• Task details: Give the data again word for word; drop the pictures.

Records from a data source
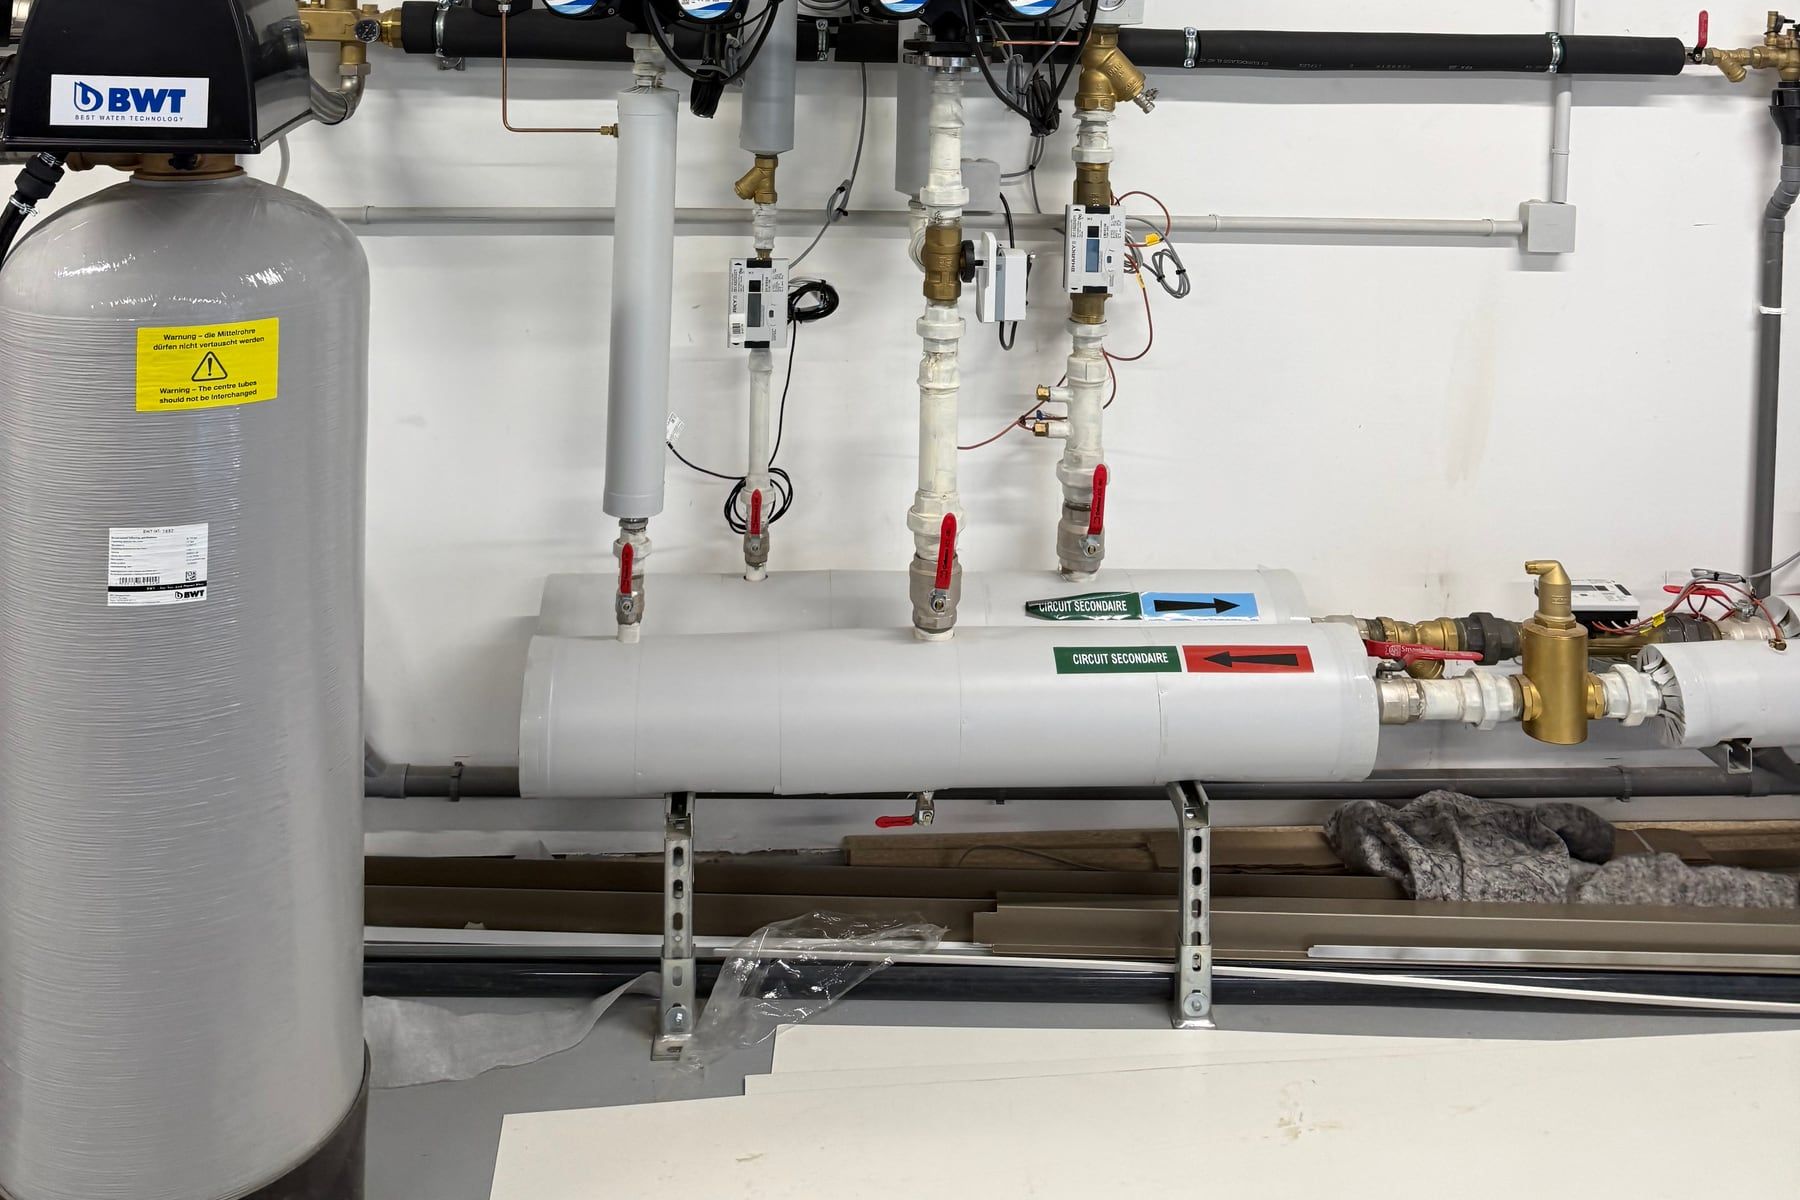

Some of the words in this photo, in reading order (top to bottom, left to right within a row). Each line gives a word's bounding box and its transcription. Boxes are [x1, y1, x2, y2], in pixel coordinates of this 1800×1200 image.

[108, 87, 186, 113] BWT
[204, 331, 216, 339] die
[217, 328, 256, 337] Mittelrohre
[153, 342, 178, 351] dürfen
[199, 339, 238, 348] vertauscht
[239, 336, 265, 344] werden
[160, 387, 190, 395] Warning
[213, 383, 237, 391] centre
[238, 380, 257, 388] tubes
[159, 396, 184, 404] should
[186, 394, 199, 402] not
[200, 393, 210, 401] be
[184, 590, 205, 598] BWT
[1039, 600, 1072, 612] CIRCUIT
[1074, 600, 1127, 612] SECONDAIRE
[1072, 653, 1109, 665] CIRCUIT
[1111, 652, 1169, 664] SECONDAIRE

• Response to this task:
Some of the words in this photo, in reading order (top to bottom, left to right within a row). Each line gives a word's bounding box and its transcription. Boxes are [x1, y1, x2, y2], in pixel coordinates of this 1800×1200 image.

[108, 87, 186, 113] BWT
[204, 331, 216, 339] die
[217, 328, 256, 337] Mittelrohre
[153, 342, 178, 351] dürfen
[199, 339, 238, 348] vertauscht
[239, 336, 265, 344] werden
[160, 387, 190, 395] Warning
[213, 383, 237, 391] centre
[238, 380, 257, 388] tubes
[159, 396, 184, 404] should
[186, 394, 199, 402] not
[200, 393, 210, 401] be
[184, 590, 205, 598] BWT
[1039, 600, 1072, 612] CIRCUIT
[1074, 600, 1127, 612] SECONDAIRE
[1072, 653, 1109, 665] CIRCUIT
[1111, 652, 1169, 664] SECONDAIRE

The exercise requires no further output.